Stacy Evans (17:58):
It it did. And you know, if you look at those rural areas, if you're looking at a cost per passing it, it is inflated. Sometimes it can be five times the typical cost of passing customer in an urban area. So if you're looking at pure economics, it, it's not the first place you're going. But the grant matching allows you to get there and again, accelerate the other growth in between as well. So that was one thing. It did make a difference. We also worked with the city of Johnson City and we looked at a study and found out that one of the areas that really needed broadband was much later in our phases. And it wasn't by any particular reason other than that was the way the design was set up from when we started. But we looked at that and said, you know, this is a, the highest concentration of poverty area in our service locations.

(18:44):
Can we pull that forward? And the city was willing to put 2.3 million worth of ARPA money to match us to help do that in advance. So some of those things really just pull things forward to help us get that completed early. And then through the, a CCP program provides $30 credit a month, and then we also launched a 100 meg product just for those customers that would, you know, make it a zero cost to out of pocket per month. And so this really meets a need and we hope can impact that entire area because not only do we see high poverty, we saw studies that we partnered with some groups to, to look at that found that educational challenges were higher in those areas because they didn't have broadband access. They couldn't do their homework at home. So, you know, that's in metro part of Johnson City that's not out in the county.

(19:33):
So they had broadband, they couldn't afford it, right? They have available. So these combination of things have really helped that area and we're we're actually just a couple weeks away from finishing that build that helped accelerate that. The other thing that we've done too is if we if we definitely got an area finished early, we would look at opportunity. Can we add something onto that with the same money and efficiency is part of it. So I'll, I'll give kudos to our engineering team that's all on site or on staff and the guys are building it. They look at every opportunity.
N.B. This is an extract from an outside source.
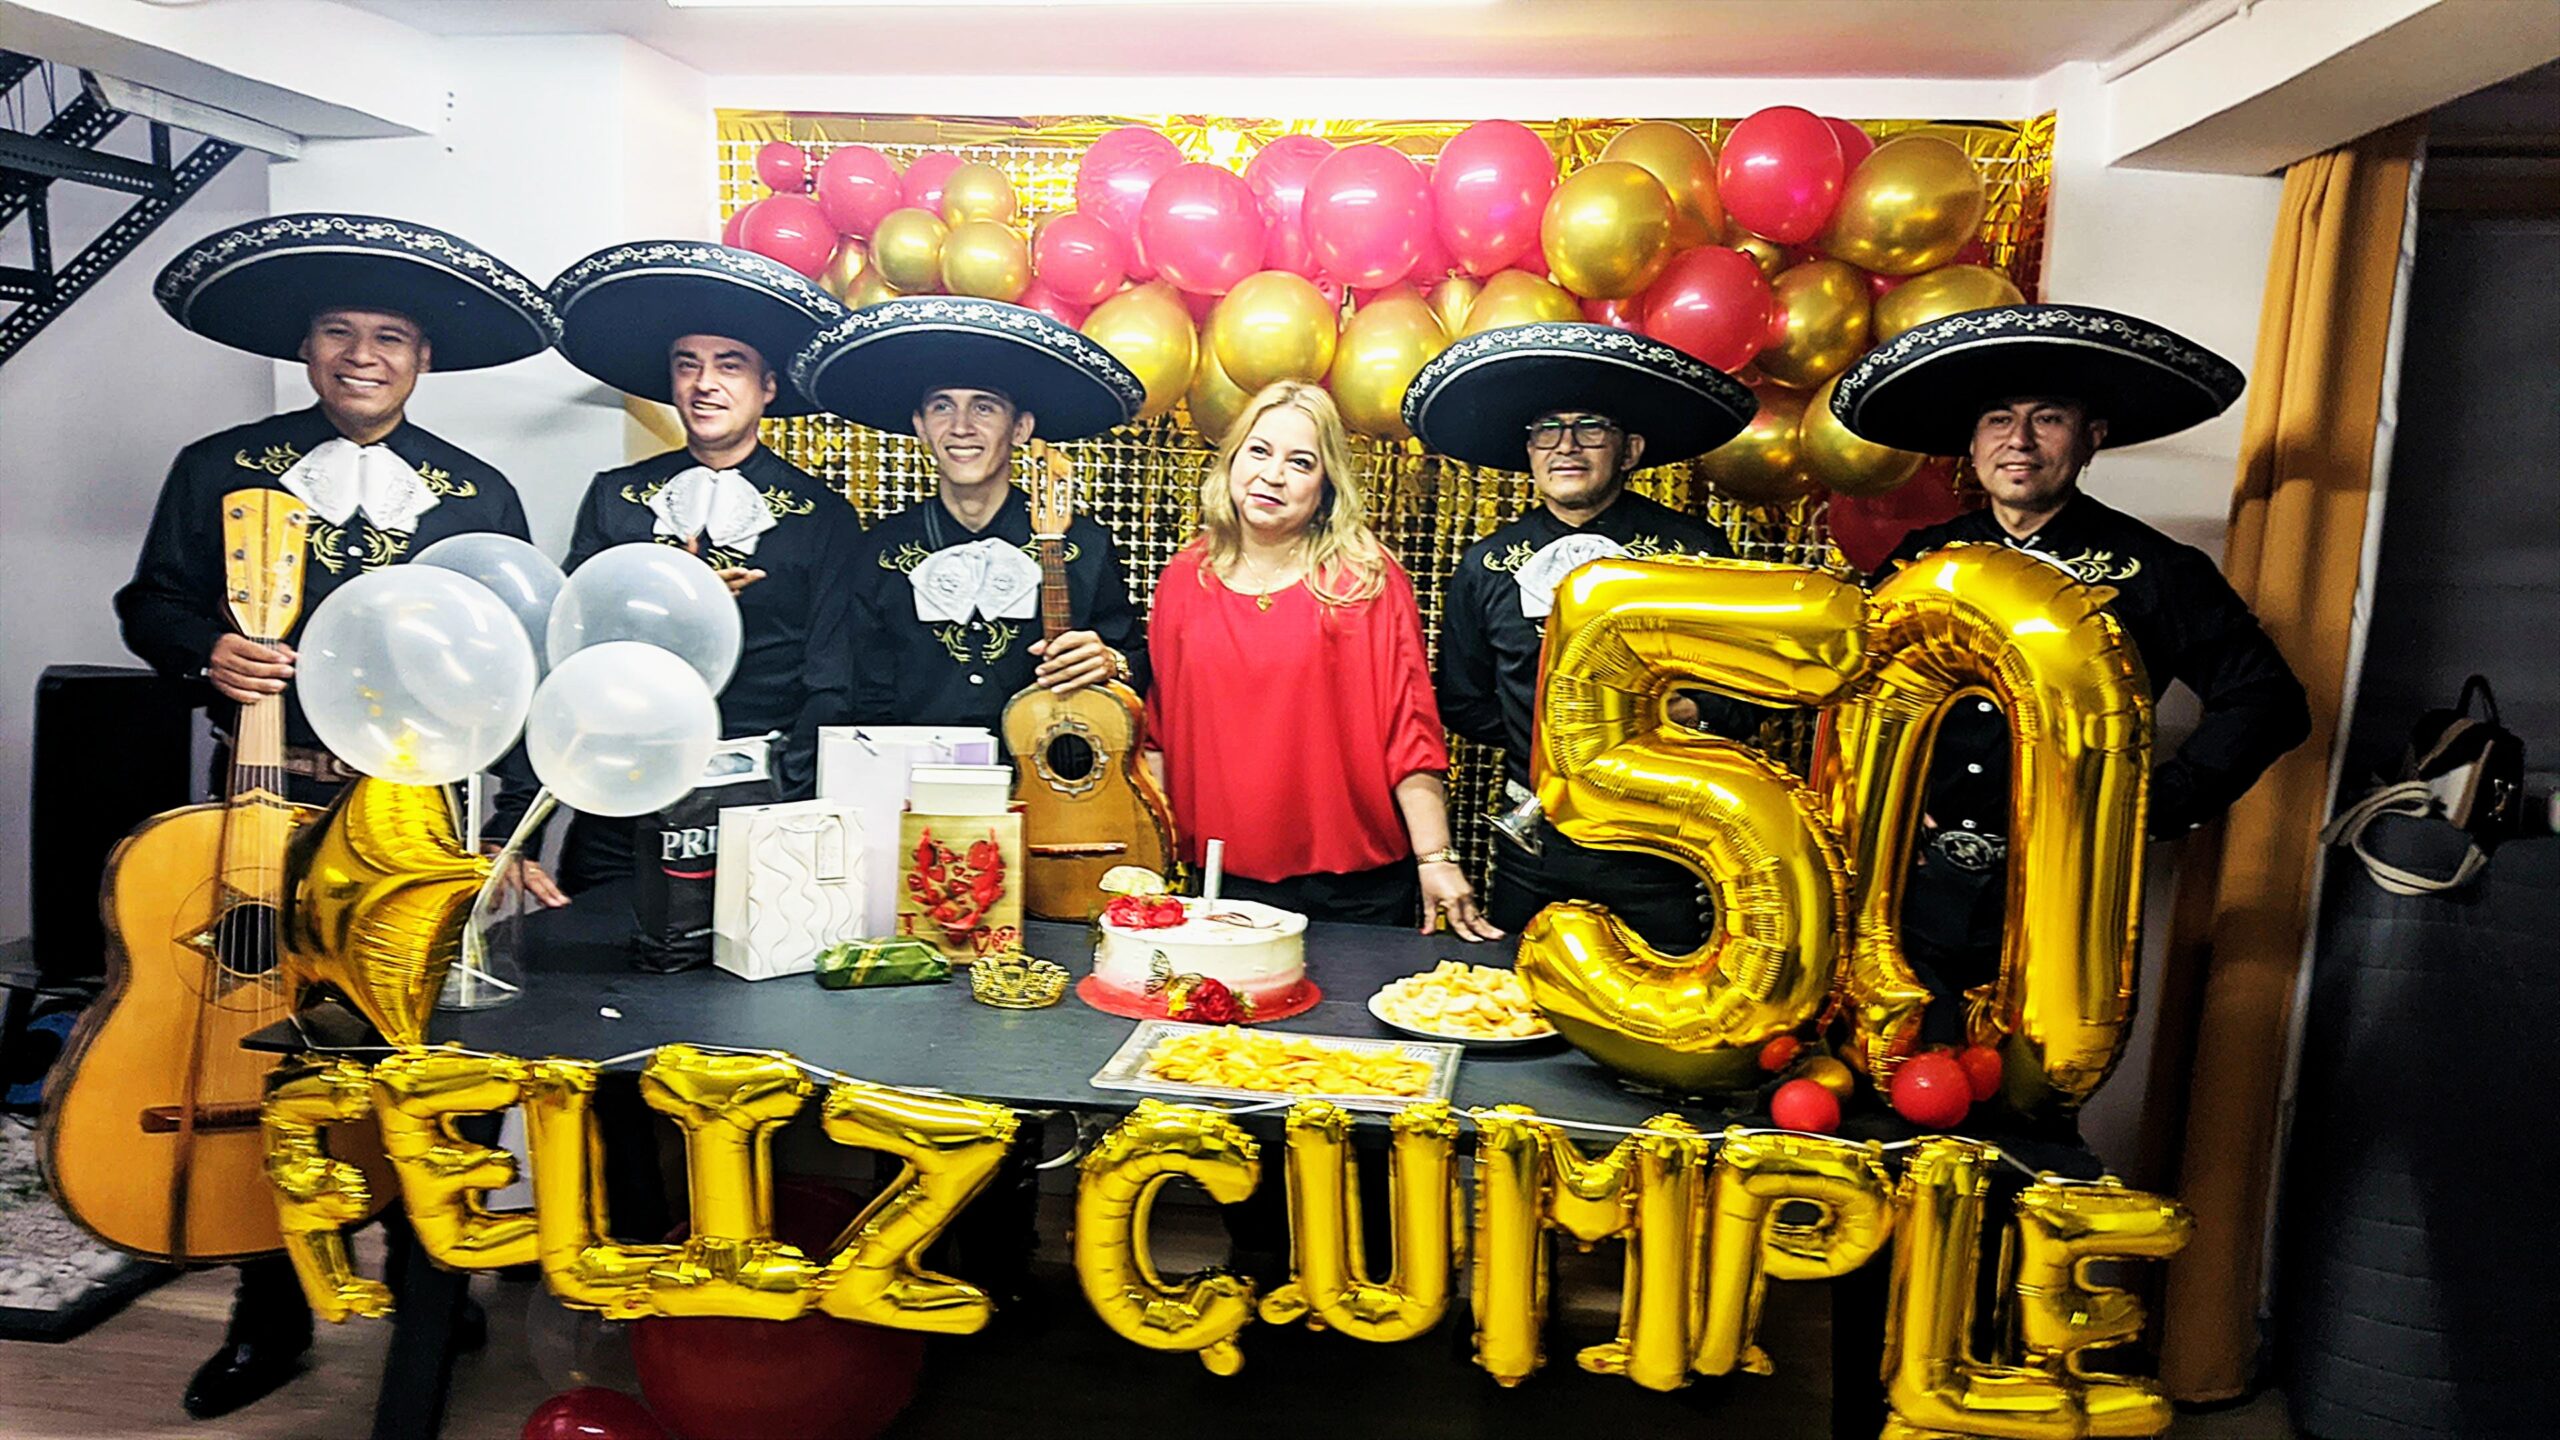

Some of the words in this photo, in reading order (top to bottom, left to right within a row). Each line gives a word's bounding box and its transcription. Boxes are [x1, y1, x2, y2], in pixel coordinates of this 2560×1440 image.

[1515, 541, 2153, 1098] 50
[261, 1043, 1020, 1335] FELIZ
[1074, 1098, 2197, 1440] CUMPLE
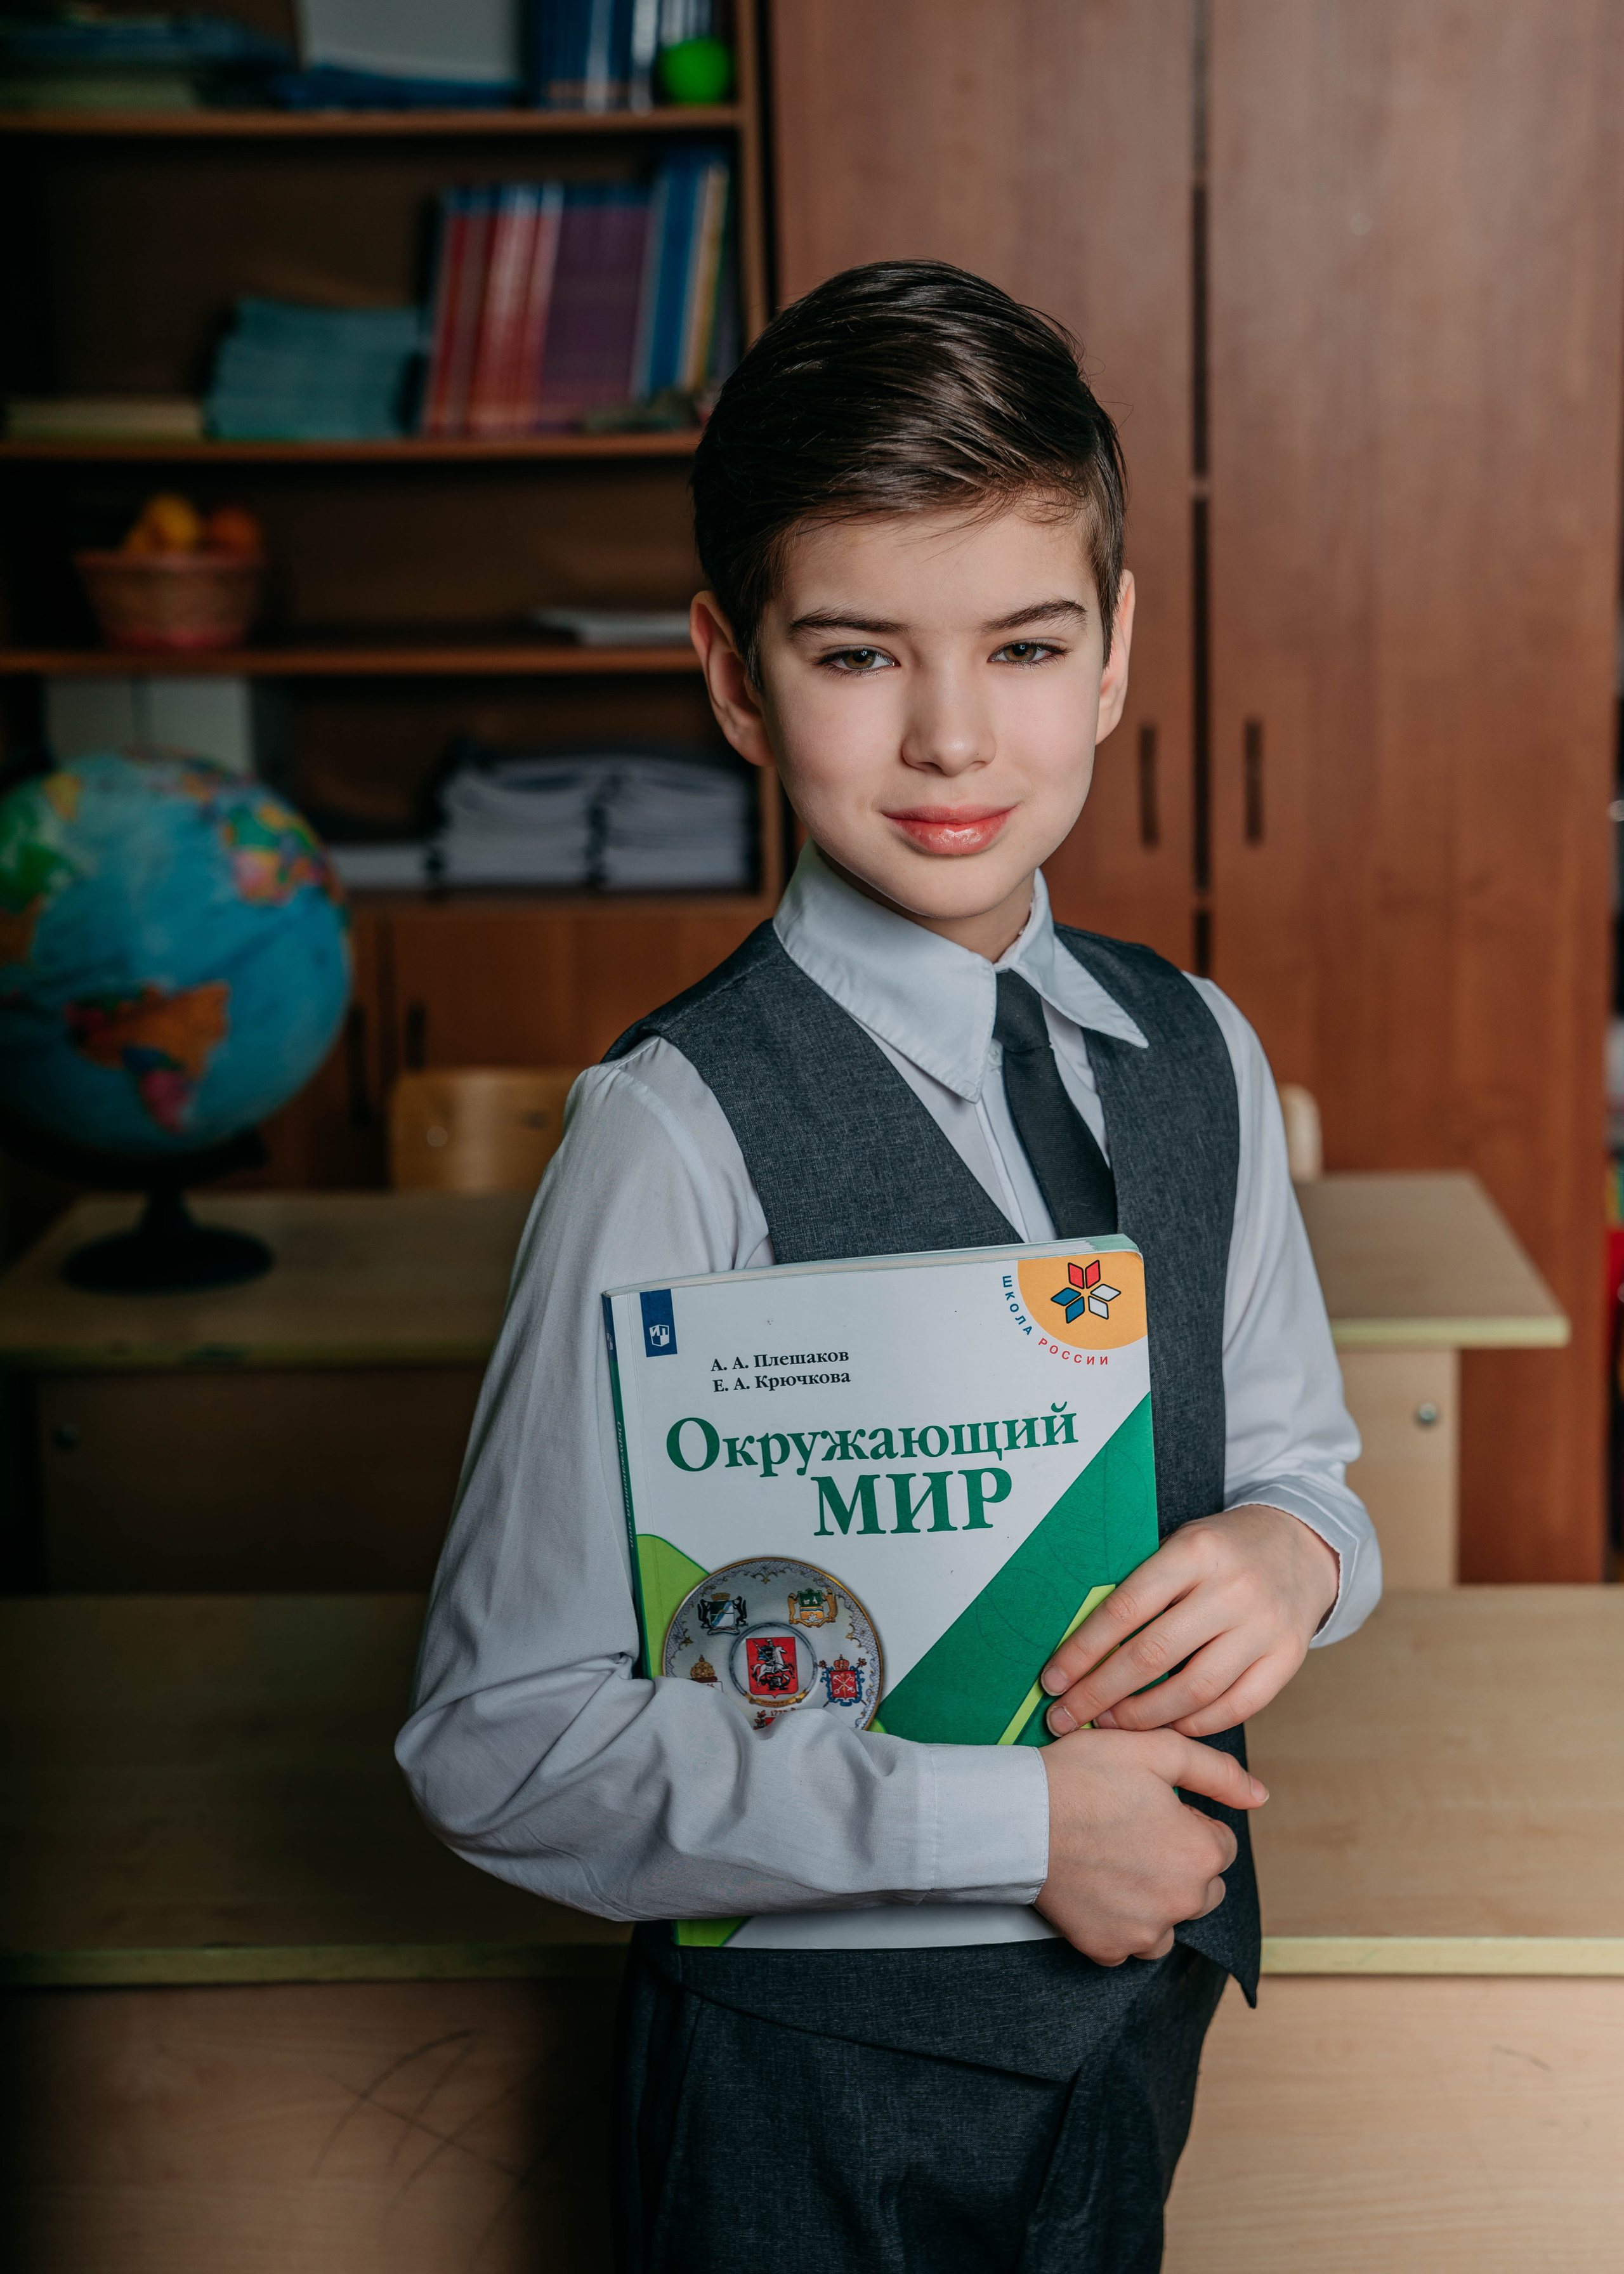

How can I pass more customers for the same amount of money? Is there a way I can get a different route here? Is there some way I could pass it? So we looked at all those things and, and just through efficiencies, through the grants, through all the things we're doing, partnering with the city has really helped us accelerate that. And now we're planning on adding another community in Colonial Heights there and part of Kingsport area to the list that wasn't planned to be fibers. So now that's added some other parts of the county that weren't on the radar as well.

Christopher Mitchell (20:30):
So you, you have 82,000 electric customers. Do you have a sense of about how many without receiving additional grant funds, you're gonna be able to pass with fiber?

Stacy Evans (20:40):
That's a great question. And our business plan had expected us to pass 36,000 homes with fiber over an eight year plan. Okay, we'll have that done in six years. And within the eight year time we will pass 47,000 customers with fiber. And that's really not even anticipating any additional grants beyond what we've participated on with the state on and the Johnson City. If we get other opportunities that will accelerate more. So, so basically we've added onto that 11,000 additional homes that were not scheduled to have fiber at all. Now. It's not that we didn't have a goal, it's sometime in the future come back and building once we had the, the cash flow coming in and paid off our debt and all that. But this made it happen in the same time window for those 8,000 homes and businesses that we had planned to do much less.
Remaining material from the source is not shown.